Spencer suffers from a rare condition called Ehlers-Danlos syndrome (EDS), which causes the connective tissues that support the skin, muscles and ligaments to become fragile and “hypermobile.”
According to the Ehlers-Danlos National Foundation website, www.ednf.org, these tissues stretch farther than normal tissues and don’t return to their original condition, causing many problems throughout the body, especially in very active people. The fragile skin and unstable joints found in EDS are the result of faulty collagen. Spencer’s mother, E’Lise Hightower, had long suspected her son may have EDS.
One of the hallmarks of the disease is having extremely flexible joints and stretchy skin, and she had a third cousin who had these symptoms.
“She would always pull her nose out real far and kiss her elbow and stretch her skin out and pull her ears out and flip her eyelids up,” E’Lise said. Her cousin did these things to be funny. E’Lise recognized some of the same facial features in Spencer that her cousin had — big eyes, thin translucent-looking skin, a pinched, small nose — but E’Lise had no idea how serious the condition was in her son.
Even as a small child, the Hightowers knew their son was different.
“He was always covered from head to toe with bruises,” E’Lise said. He cried and
complained of pain constantly, and his cry was unlike the cries of most toddlers, his mother said. His eyes were larger than average, so big that his eyelids didn’t completely cover them when he slept.
As he grew up, Spencer became more and more athletic but also suffered more and more pain in his joints. Eventually, it was Spencer’s hip pain and inability to walk that led him and his parents through a series of doctors until they finally found one who could diagnose his condition.

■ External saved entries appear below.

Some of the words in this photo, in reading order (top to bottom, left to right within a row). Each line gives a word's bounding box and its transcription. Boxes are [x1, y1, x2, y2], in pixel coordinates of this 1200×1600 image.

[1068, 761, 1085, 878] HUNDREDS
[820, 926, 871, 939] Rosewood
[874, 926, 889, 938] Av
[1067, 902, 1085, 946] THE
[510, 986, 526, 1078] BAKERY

The Hightowers now know that Spencer’s form of EDS, which is called vascular EDS or Type 4 EDS, is the most dangerous and possibly fatal form of the disease. In vascular EDS patients, the worst possible outcome is the rupture of vital organs and arteries, potentially causing death.

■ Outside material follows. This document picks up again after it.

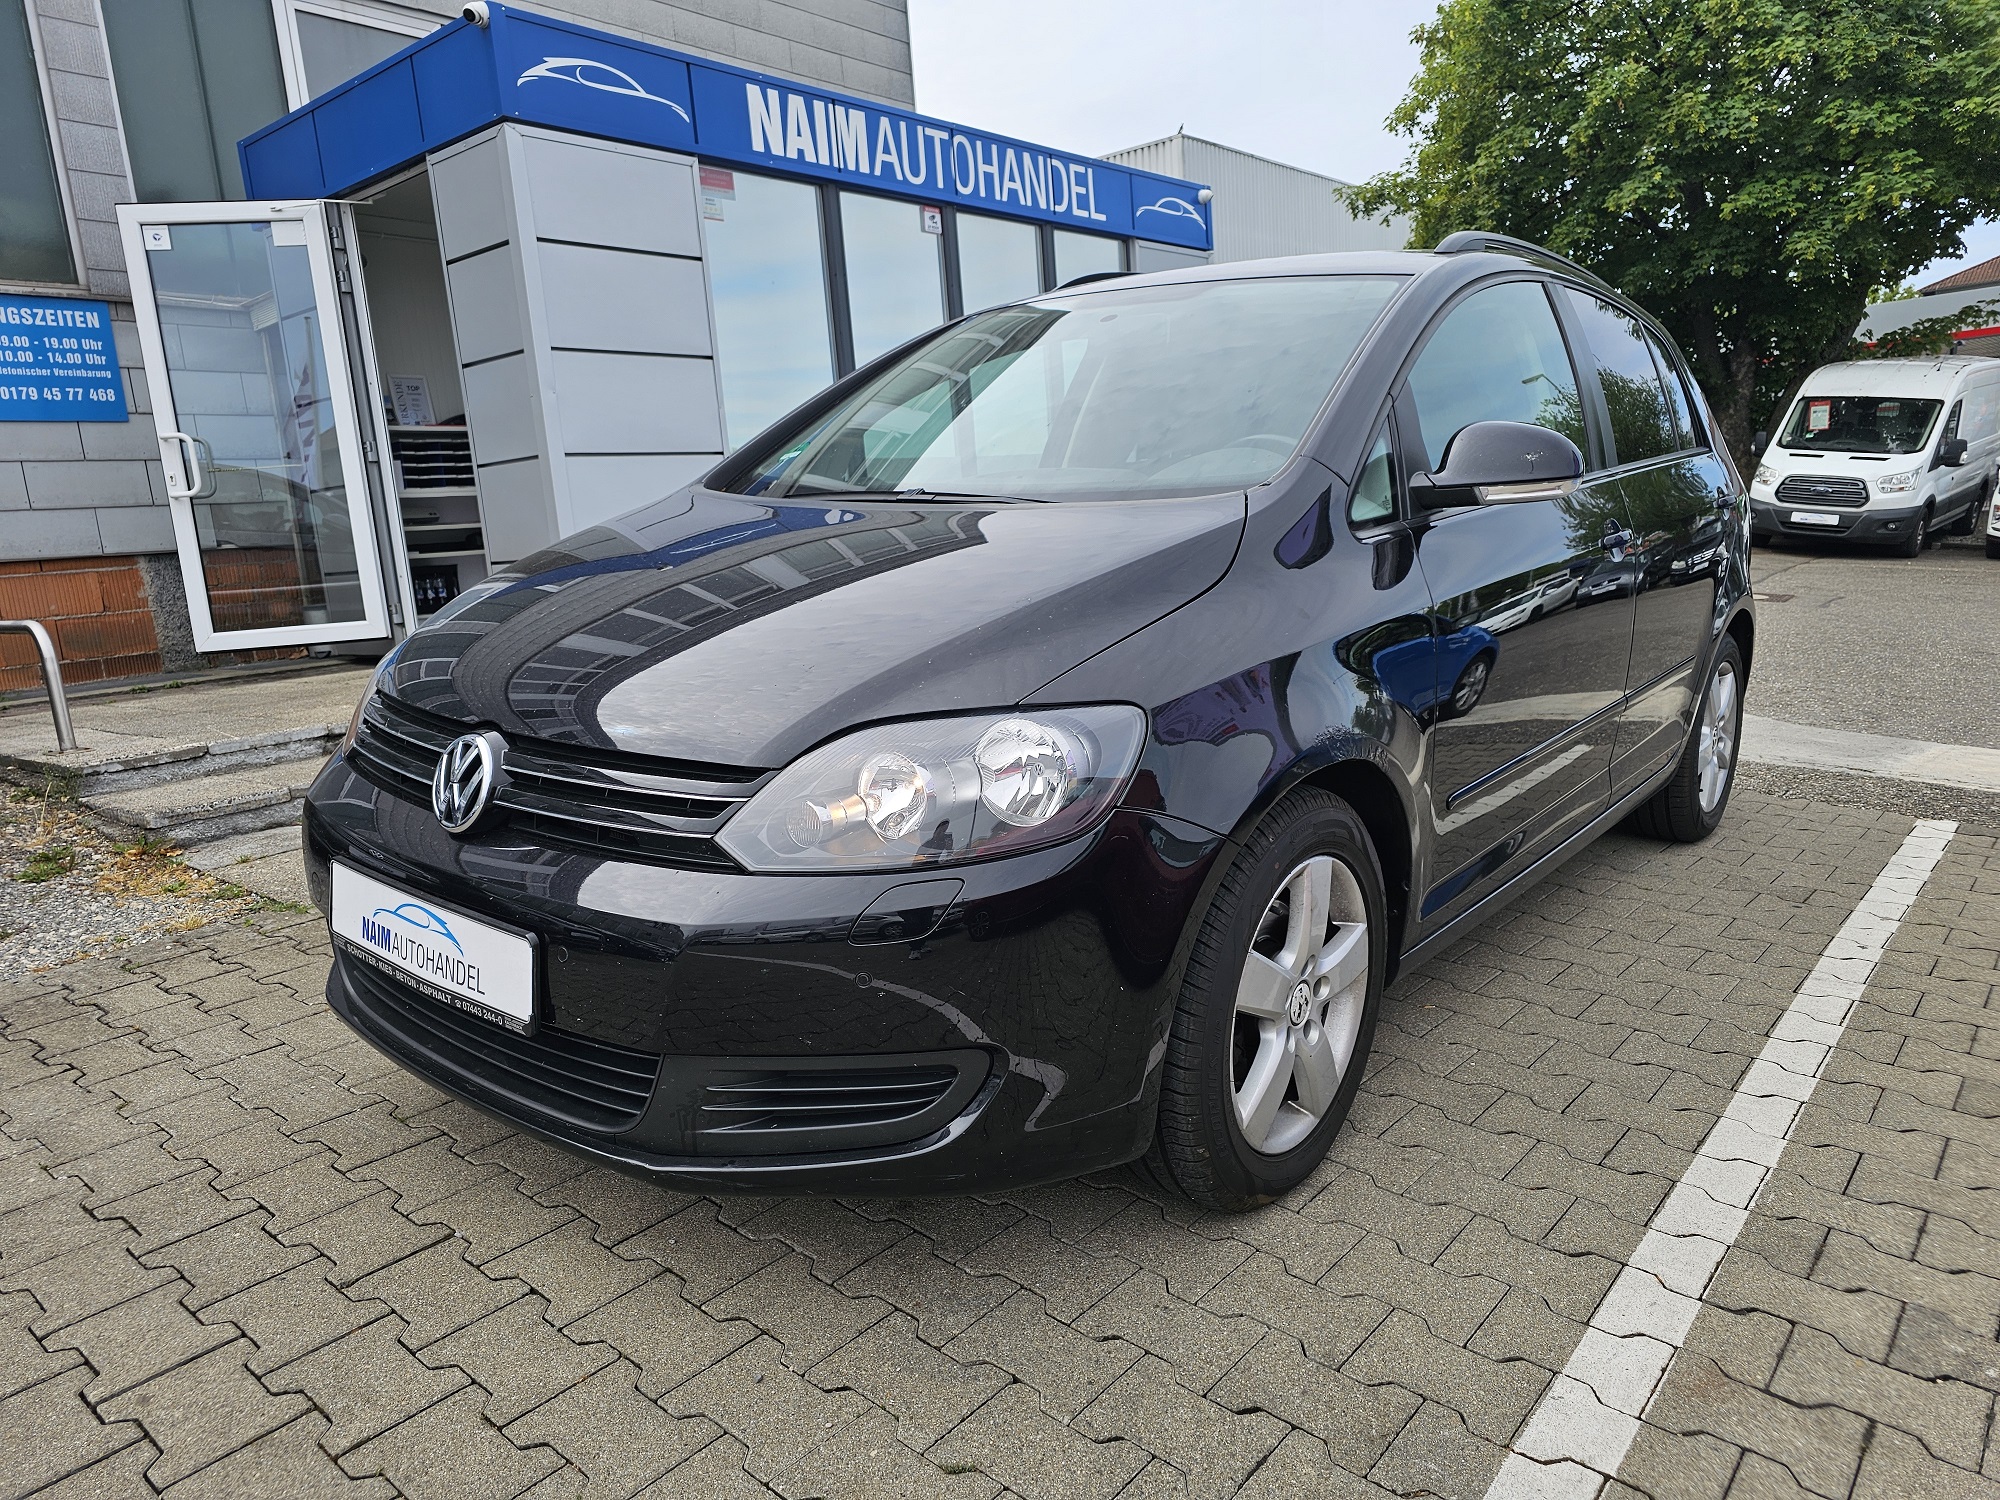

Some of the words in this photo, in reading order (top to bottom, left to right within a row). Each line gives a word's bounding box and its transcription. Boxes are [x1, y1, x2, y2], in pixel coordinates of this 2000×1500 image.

Spencer was in the middle of baseball season when doctors told him that he couldn’t play anymore, said Greg Hightower, Spencer’s father. When he heard the news, Spencer sank down in his chair and a tear rolled down his cheek. He turned to his dad and said, “I realize I can’t play, but I still want to be a part of the team. I want to be in that dugout in the game and at every practice.”

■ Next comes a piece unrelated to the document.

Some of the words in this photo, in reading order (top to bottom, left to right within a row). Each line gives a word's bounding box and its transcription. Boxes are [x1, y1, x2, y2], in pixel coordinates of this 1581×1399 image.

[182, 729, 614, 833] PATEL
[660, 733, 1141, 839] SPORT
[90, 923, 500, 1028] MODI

And that’s what he’s done since. After enduring painful reconstructive hip surgery that had him in a cast from the waist down, Spencer got back into his sports, but in different roles. He went from being the starting shortstop for the school baseball team to being the bat boy, from being point guard on the basketball team to being water boy, from football player to videographer. Now, instead of showing his steer at local fairs and expos, he now shows hogs, which is less physically demanding.He’s also taken up golf and guitar since his diagnosis.
The Hightowers have two other children: Sadie, 9, and Brady, 11. Brady shows no signs of EDS, but Sadie and her mother have both been diagnosed with the same form of EDS as Spencer. Sadie isn’t active in sports, but even at her young age, her mother said Sadie is concerned about whether she’ll be able to have children.
“You wouldn’t think that would bother a 9-year-old, but that’s something that already weighs on her mind. Her goal in life is to become a mama,” E’Lise said. Pregnancy is very dangerous for a woman with vascular EDS, a danger that fortunately caused E’Lise no repercussions.
The Hightowers hope that by sharing their story they’ll help bring awareness to the rare disease and maybe meet other Oklahomans in similar situations. They also hope to share a message of hope for people suffering from similar conditions.
“You can overcome and still live life,” E’Lise said. “God’s blessed you with many other gifts and talents. Sometimes you just have to sit back and find them and use them in other directions.”